Etica per un figlio: un libro illuminante

24 Dicembre 2019 by federicabertolli Leave a Comment

Fede legge un libro fuori, illuminata dal sole, con un albero sullo sfondo
Fede legge Etica per un figlio, di Fernando Savater

Un titolo pesante e un po’ respingente. Comprato forse un anno fa e abbandonato lì nel mucchio di libri da leggere. Consigliato da un amico, aspettava il suo momento, ed è arrivato questo autunno.

Arrivata alla fine ho deciso di condividere almeno le pagine a cui ho fatto le orecchie per me, per andarle a rileggere quando mi venisse in mente di rinfrescarmi le parole così chiare e semplici di Savater. I concetti e i valori di cui parla sono universali e mi ha sorpreso quanto siano elementari le sue riflessioni. Tanto elementari da risultare sconvolgenti, ve ne propongo alcune di seguito.

“Quando parlo di libertà mi riferisco a questo: […] Non dico che possiamo fare qualsiasi cosa vogliamo, ma neppure siamo obbligati a fare una cosa sola. Qui conviene stabilire un paio di punti fermi sulla libertà. Primo: non siamo liberi di scegliere quello che ci succede […], ma siamo liberi di rispondere a quello che ci succede in un modo o nell’altro (obbedire o ribellarci, essere prudenti o rischiare, vendicarci o rassegnarci, vestirci alla moda o travestirci da orsi, eccetera). Secondo: essere liberi di tentare di fare qualcosa, non ha niente a che vedere col riuscirci necessariamente. La libertà (che consiste nello scegliere tra possibilità) non s’identifica con l’onnipotenza. […] Se non conosco né me stesso né il mondo in cui vivo la mia libertà si scontrerà prima o poi contro la necessità. Ma, cosa importante, non per questo smetterò di essere libero… anche se mi scoccia.
Ma io sono sicuro che nessuno – proprio nessuno – crede davvero di non essere libero, nessuno accetta di funzionare come il cieco meccanismo di un orologio o come una termite. Siccome optare liberamente per certe cose in certe circostanze è molto difficile (entrare in una casa in fiamme per salvare un bambino, per esempio, o opporsi a un tiranno) allora è meglio dire che non c’è libertà per non dover riconoscere che si preferisce fare quello che è più facile: aspettare i pompieri o leccare le scarpe a chi ci schiavizza. Però nel fondo qualcosa non smette di dirci: Se tu avessi voluto…
In sintesi: a differenza di altri esseri, viventi o inanimati, noi uomini possiamo trovare soluzioni nuove e scegliere almeno parzialmente la nostra forma di vita. Possiamo optare per quello che ci sembra essere giusto, e cioè conveniente per noi, ed evitare quello che sembra farci del male o non convenirci. Ma siccome possiamo scegliere, possiamo anche sbagliarci, cosa che non succede ai castori, alle api o alle termiti. Perciò sembra meglio riflettere bene su quello che facciamo e cercare di acquisire un certo saper vivere che ci permetta di scegliere bene. Questo saper vivere, o arte di vivere se preferisci, è ciò che chiamiamo etica.”

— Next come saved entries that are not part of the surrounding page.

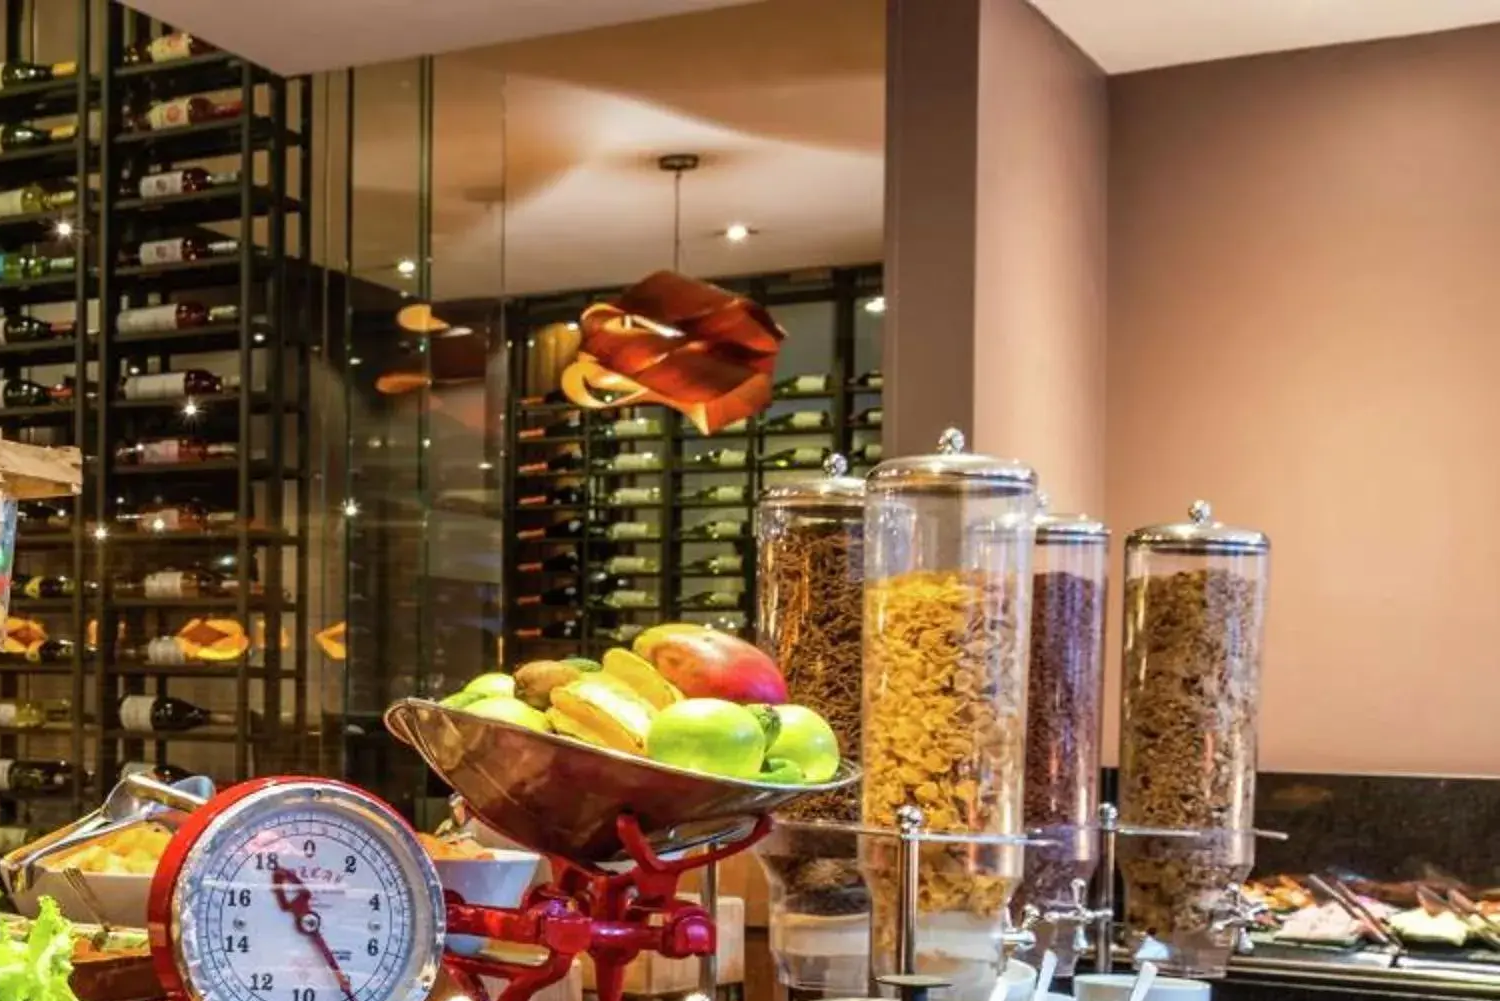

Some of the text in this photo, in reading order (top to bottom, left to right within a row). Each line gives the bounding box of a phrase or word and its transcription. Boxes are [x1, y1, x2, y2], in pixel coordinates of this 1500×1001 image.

[303, 839, 316, 858] 0
[255, 852, 278, 870] 18
[345, 855, 356, 873] 2
[228, 888, 251, 907] 16
[368, 893, 380, 911] 4
[225, 935, 249, 953] 14
[367, 937, 379, 956] 6
[250, 973, 273, 991] 12

Che cosa significa essere imbecille. “Lo sai qual è l’unico dovere che abbiamo nella vita? Quello di non essere imbecilli. Ma non ti credere, la parola imbecille è più sostanziosa di quello che sembra. Viene dal latino baculus, che significa bastone, e l’imbecille è chi ha bisogno del bastone per camminare. […] L’imbecille può essere agilissimo e saltare come una gazzella alle olimpiadi. Non si tratta di questo, perché è uno che non zoppica nei piedi, ma nell’animo: è il suo spirito che è debole e zappetto, anche se il suo corpo fa giravolte di prima classe.
Esistono vari tipi di imbecilli, a scelta:
a) Quello che crede di non volere nulla, dice che tutto gli è indifferente, e non fa altro che sbadigliare o dormicchiare anche se tiene gli occhi aperti e non russa.
b) Quello che crede di volere tutto, la prima cosa che gli capita davanti e il suo contrario: andare via e restare, ballare e rimanere seduto […]
c) Quello che non sa che cosa vuole e non si disturba a cercare di capirlo. Imita i desideri di chi gli sta vicino oppure sostiene il contrario perché sì, e tutto quello che fa è dettato dall’opinione della maggioranza tra quelli che lo circondano: è conformista senza averci riflettuto o ribelle senza motivo.
d) Quello che sa di volere, sa ciò che vuole e, più o meno, sa anche perché, ma senza energia, è pauroso o debole. Alla fine si ritrova sempre a fare quello che non vuole e rimanda a domani quello che vuole, sperando di essere un po’ più convinto.
e) Quello che vuole con forza, è aggressivo, non si ferma davanti a niente, ma sbaglia nel giudicare la realtà, si lascia depistare completamente e finisce per scambiare per benessere ciò che lo distrugge.
Ciascuno di questi tipi di imbecillità ha bisogno di un bastone, ossia di appoggiarsi a qualcosa d’altro, qualcosa di esterno che non ha nulla a che vedere con la libertà. […]
Ma, per piacere, non confondere l’imbecillità di cui ti parlo con quello che normalmente si dice essere imbecille, ossia essere tonto, non sapere le cose, non capire niente di trigonometria […]. Uno può essere imbecille per la matematica e non per la morale, cioè vivere bene. E vale anche il contrario: certi sono furbi come volpi per gli affari ma perfetti cretini per le questioni di etica! […]
L’esatto contrario di essere moralmente imbecille è avere una coscienza. […]
In che cosa consiste questa coscienza che ci guarisce dall’imbecillità? Fondamentalmente dalle caratteristiche seguenti:
a) essere consapevoli che non è vero che una cosa vale l’altra
b) Essere disposti a stabilire se quello che facciamo corrisponde a quello che veramente vogliamo o no.
c) Sviluppare, con la pratica, il buon gusto morale, in modo tale che certe cose finiscano per provocarci una repulsione spontanea (per esempio, mi farà schifo mentire come in genere ci fa schifo fare la pipì nella minestra che stiamo per metterci nel piatto…).
d) Rinunciare a cercare alibi che nascondano il fatto che siamo liberi e dunque ragionevolmente responsabili delle conseguenze dei nostri atti.
Perché è male quello che chiamiamo cattivo? Perché non consente di di vivere bene come abbiamo detto di volere.”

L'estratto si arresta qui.